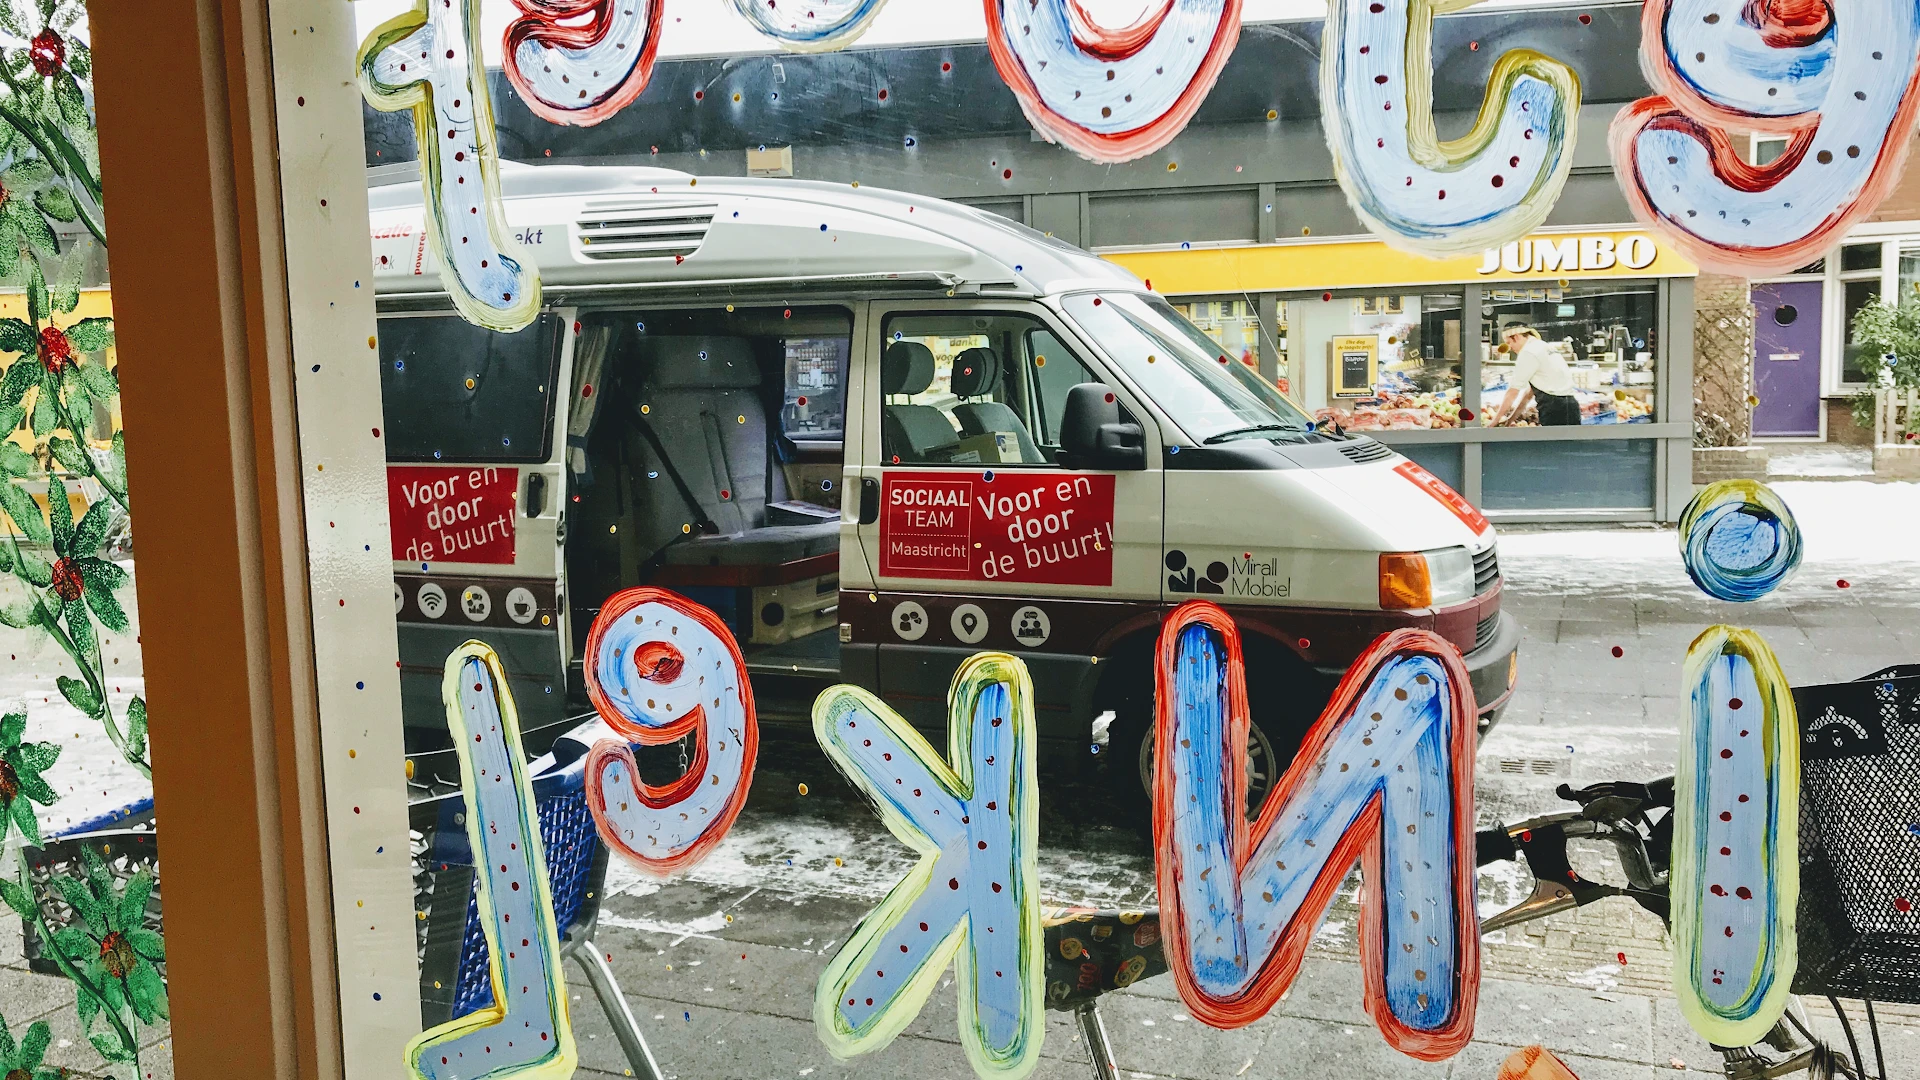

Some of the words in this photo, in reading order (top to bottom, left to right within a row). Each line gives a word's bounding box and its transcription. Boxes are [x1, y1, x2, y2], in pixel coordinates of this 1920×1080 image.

[1476, 235, 1658, 275] JUMBO
[402, 475, 460, 508] Voor
[468, 467, 499, 490] en
[891, 488, 970, 508] SOCIAAL
[976, 485, 1046, 521] Voor
[1055, 476, 1092, 502] en
[426, 496, 483, 531] door
[904, 510, 954, 528] TEAM
[1006, 508, 1075, 544] door
[405, 538, 434, 562] de
[891, 541, 967, 558] Maastricht
[981, 550, 1016, 579] de
[1023, 522, 1114, 569] buurt!
[1232, 556, 1278, 577] Mirall
[1231, 577, 1291, 598] Mobiel
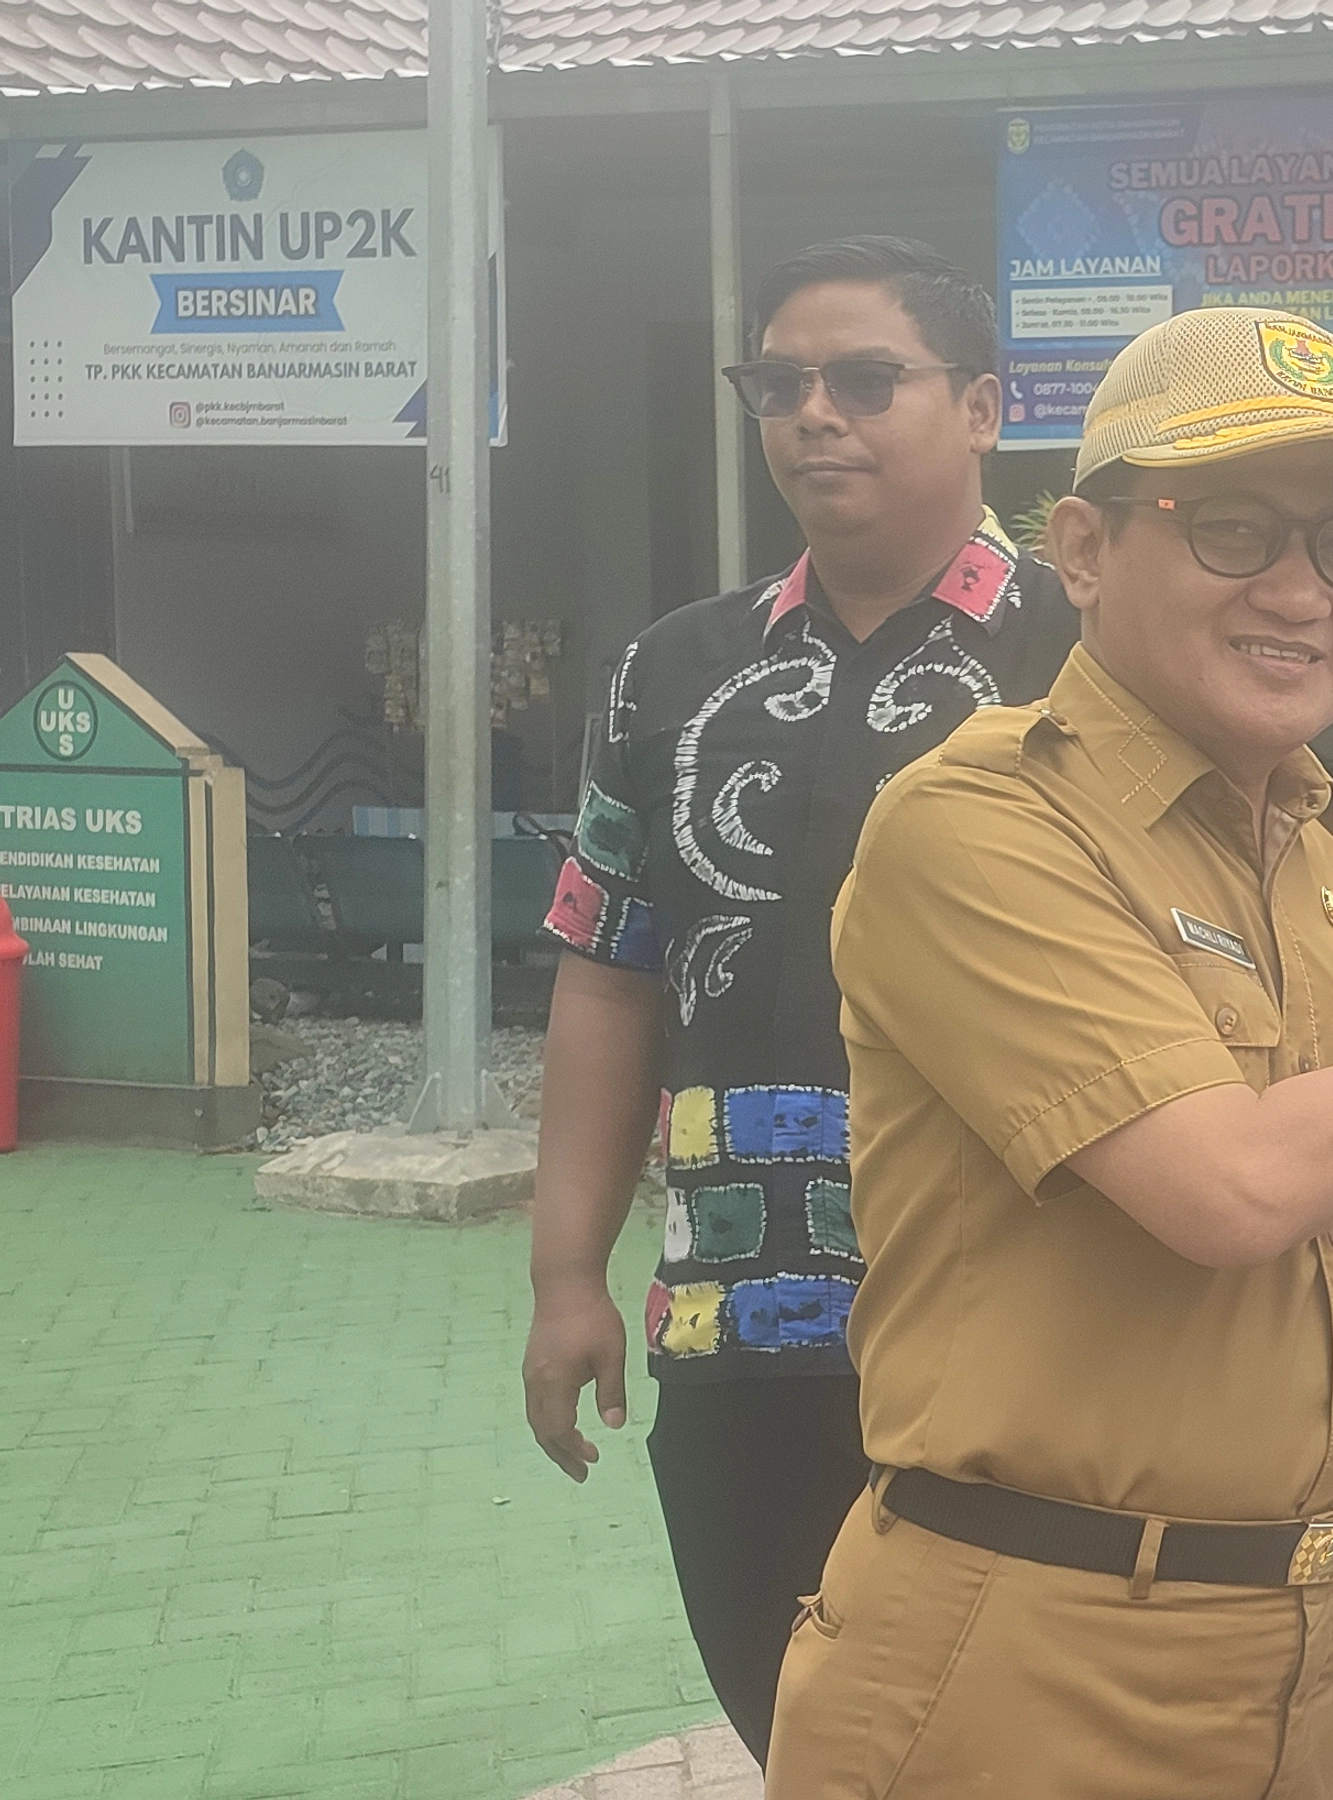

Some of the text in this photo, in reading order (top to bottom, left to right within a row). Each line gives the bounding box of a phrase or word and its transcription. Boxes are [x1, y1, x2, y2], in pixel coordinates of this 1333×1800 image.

[1110, 157, 1227, 190] SEMUA
[82, 207, 418, 265] KANTIN UP2K
[1010, 256, 1161, 277] JAM LAYANAN
[176, 288, 317, 318] BERSINAR
[1238, 290, 1283, 306] ANDA
[85, 361, 417, 380] TP. PKK KECAMATAN BANJARMASIN BARAT
[1009, 360, 1062, 375] Layanan
[41, 711, 90, 733] UKS
[0, 805, 142, 835] TRIAS UKS
[0, 851, 160, 873] ENDIDIKAN KESEHATAN
[0, 884, 156, 907] ELAYANAN KESEHATAN
[75, 921, 168, 943] LINGKUNGAN
[58, 952, 103, 971] SEHAT

• _WHAT THE TASK ASKS_:
All of the material should be written out again exactly, apart from the pictures.

• _TASK OUTPUT_:
Some of the words in this photo, in reading order (top to bottom, left to right within a row). Each line gives a word's bounding box and its transcription. Boxes are [x1, y1, x2, y2], in pixel coordinates of this 1920×1080 image.

[1476, 235, 1658, 275] JUMBO
[402, 475, 460, 508] Voor
[468, 467, 499, 490] en
[891, 488, 970, 508] SOCIAAL
[976, 485, 1046, 521] Voor
[1055, 476, 1092, 502] en
[426, 496, 483, 531] door
[904, 510, 954, 528] TEAM
[1006, 508, 1075, 544] door
[405, 538, 434, 562] de
[891, 541, 967, 558] Maastricht
[981, 550, 1016, 579] de
[1023, 522, 1114, 569] buurt!
[1232, 556, 1278, 577] Mirall
[1231, 577, 1291, 598] Mobiel

Some of the text in this photo, in reading order (top to bottom, left to right within a row). Each line gives the bounding box of a phrase or word and its transcription. Boxes are [x1, y1, x2, y2], in pixel coordinates of this 1333×1800 image.

[1110, 157, 1227, 190] SEMUA
[82, 207, 418, 265] KANTIN UP2K
[1010, 256, 1161, 277] JAM LAYANAN
[176, 288, 317, 318] BERSINAR
[1238, 290, 1283, 306] ANDA
[85, 361, 417, 380] TP. PKK KECAMATAN BANJARMASIN BARAT
[1009, 360, 1062, 375] Layanan
[41, 711, 90, 733] UKS
[0, 805, 142, 835] TRIAS UKS
[0, 851, 160, 873] ENDIDIKAN KESEHATAN
[0, 884, 156, 907] ELAYANAN KESEHATAN
[75, 921, 168, 943] LINGKUNGAN
[58, 952, 103, 971] SEHAT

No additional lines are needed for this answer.